(Input data Opens)

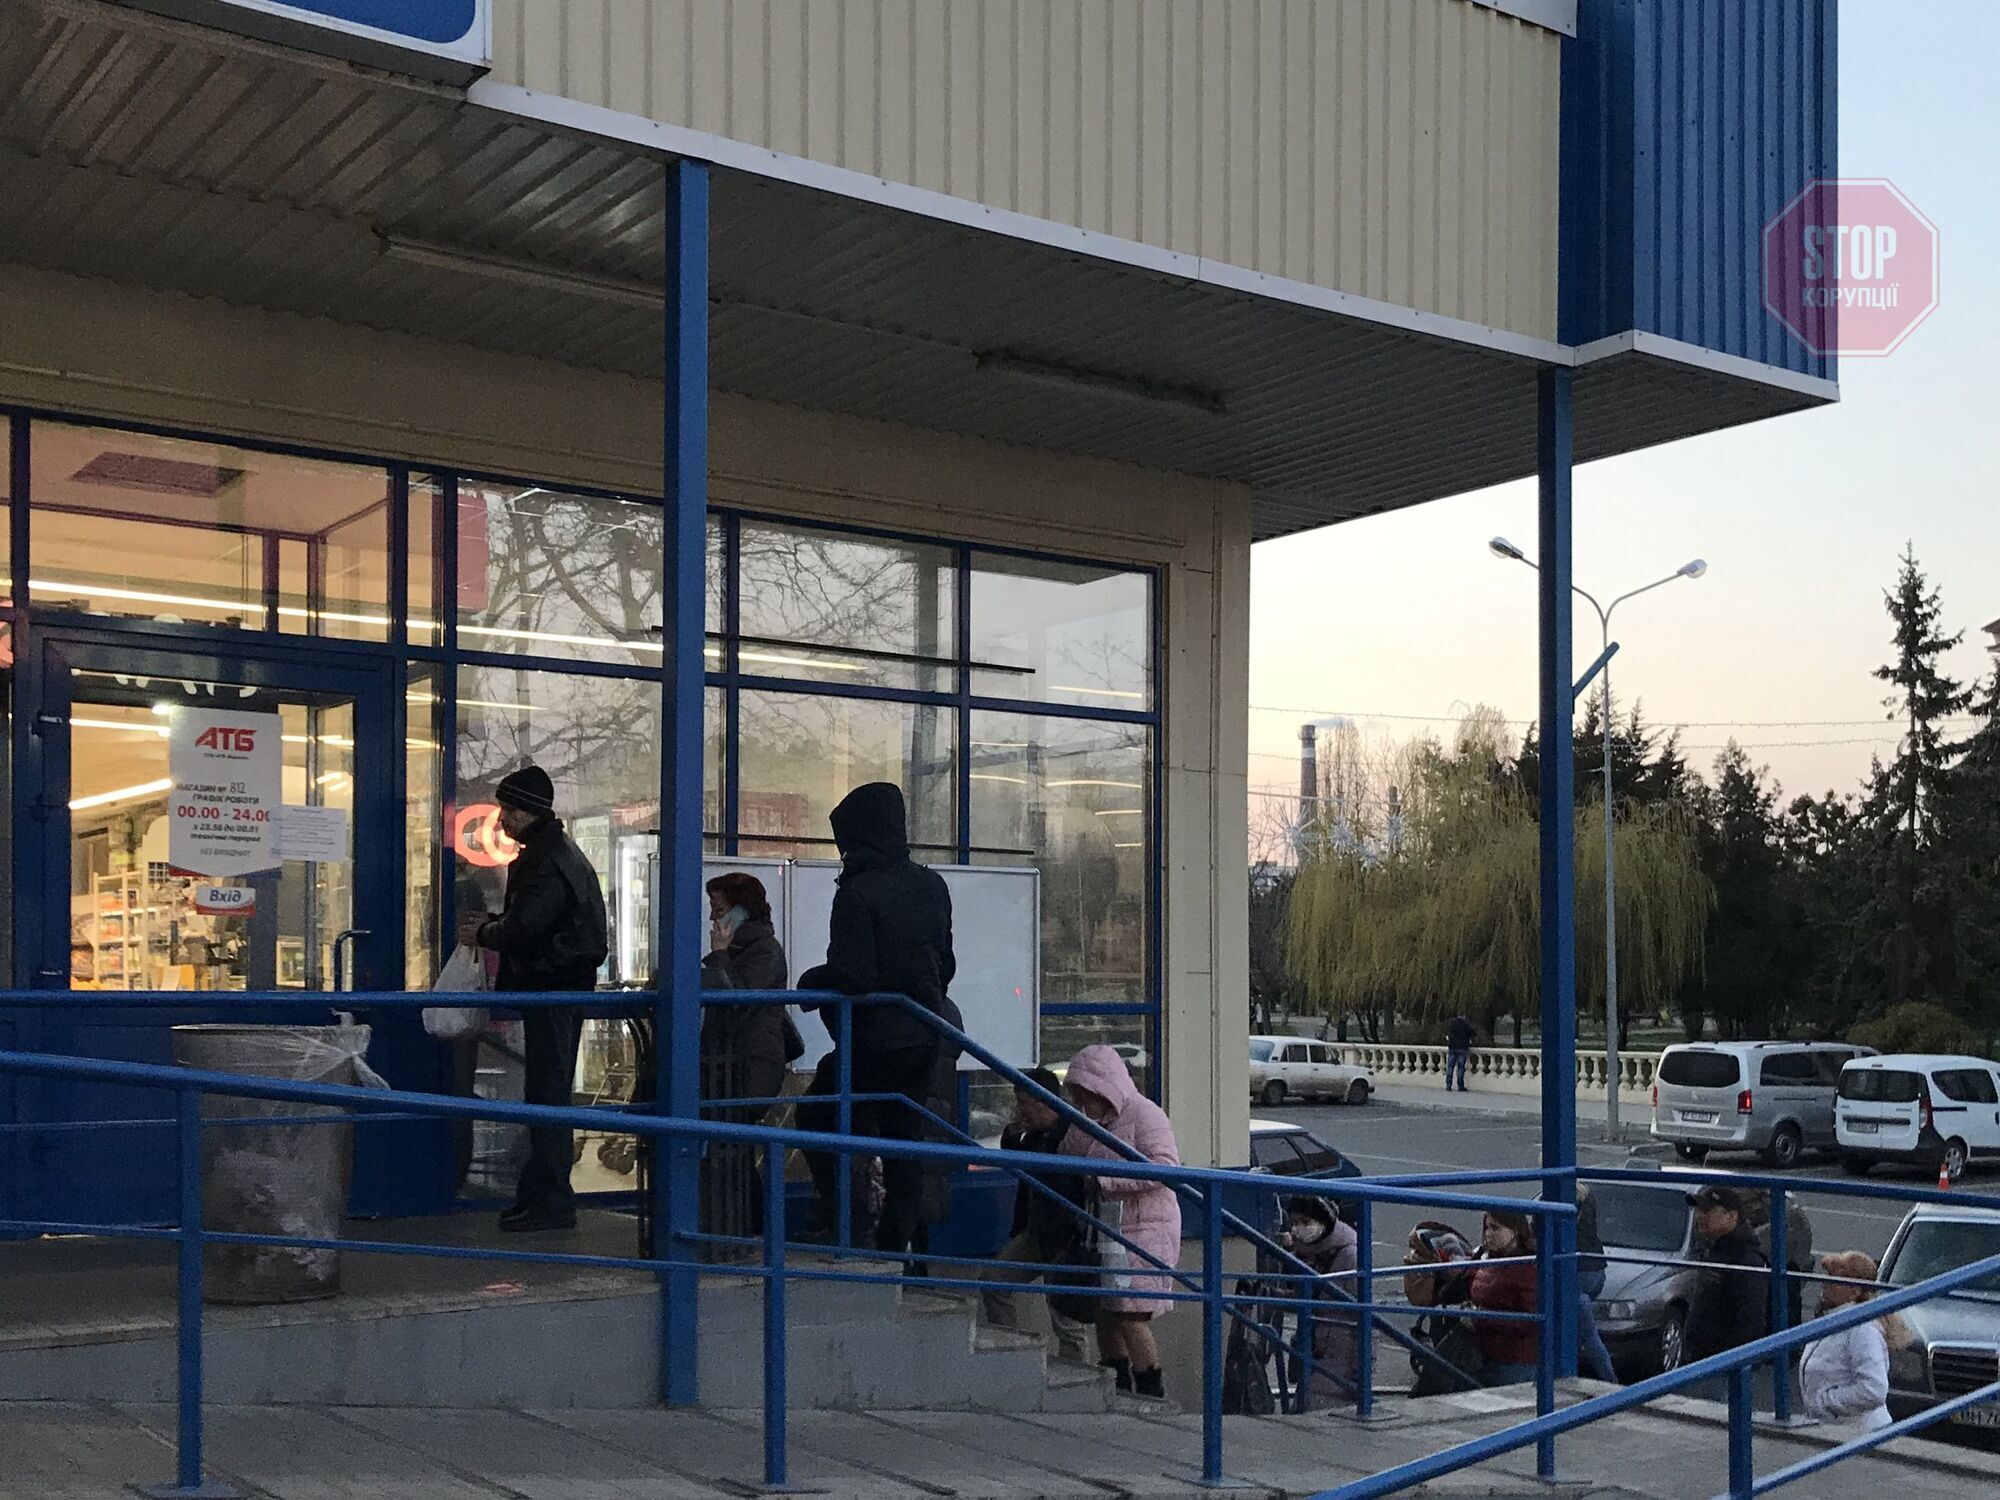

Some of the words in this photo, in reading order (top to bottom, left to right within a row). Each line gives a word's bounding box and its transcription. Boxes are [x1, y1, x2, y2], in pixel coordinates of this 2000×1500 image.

[195, 726, 258, 752] АТБ
[229, 781, 246, 794] 812
[177, 805, 220, 819] 00.00
[209, 889, 242, 903] Вхід
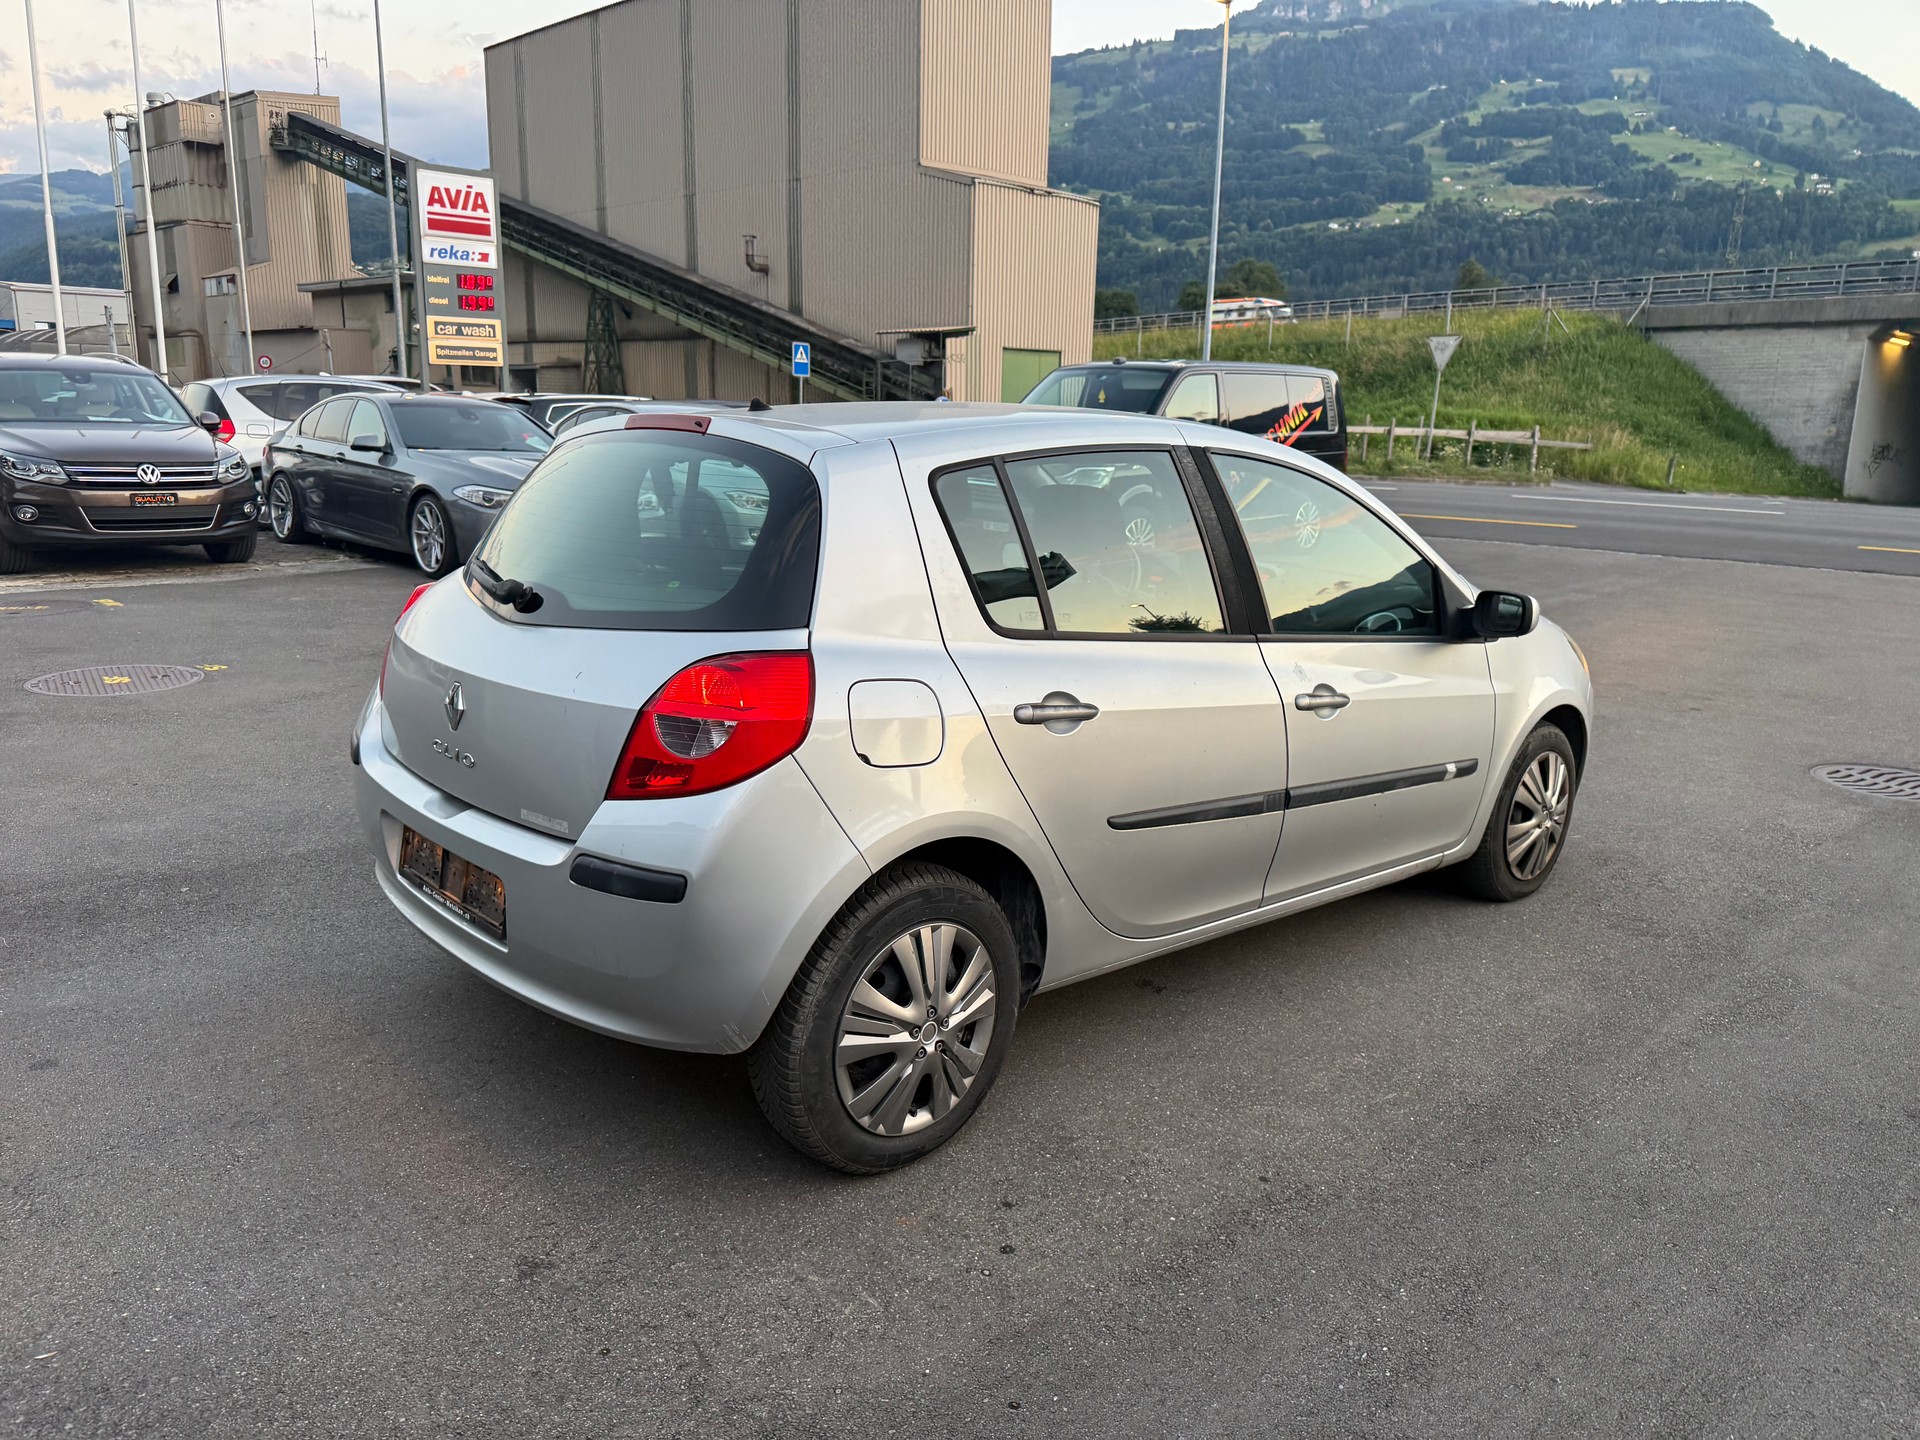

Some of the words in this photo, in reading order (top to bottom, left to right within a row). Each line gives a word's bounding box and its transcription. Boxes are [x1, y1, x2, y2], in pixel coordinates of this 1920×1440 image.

[428, 297, 449, 305] diesel
[437, 324, 458, 335] car
[461, 325, 494, 337] wash
[474, 349, 498, 359] Garage
[433, 738, 475, 768] CLIO

(Input data Closes)

About this task ▸ Make an exact copy of all entries above, dropping the images.

Response to the task ▸
Some of the words in this photo, in reading order (top to bottom, left to right within a row). Each line gives a word's bounding box and its transcription. Boxes are [x1, y1, x2, y2], in pixel coordinates of this 2000×1500 image.

[195, 726, 258, 752] АТБ
[229, 781, 246, 794] 812
[177, 805, 220, 819] 00.00
[209, 889, 242, 903] Вхід

Some of the words in this photo, in reading order (top to bottom, left to right within a row). Each line gives a word's bounding box and its transcription. Boxes are [x1, y1, x2, y2], in pixel coordinates of this 1920×1440 image.

[428, 297, 449, 305] diesel
[437, 324, 458, 335] car
[461, 325, 494, 337] wash
[474, 349, 498, 359] Garage
[433, 738, 475, 768] CLIO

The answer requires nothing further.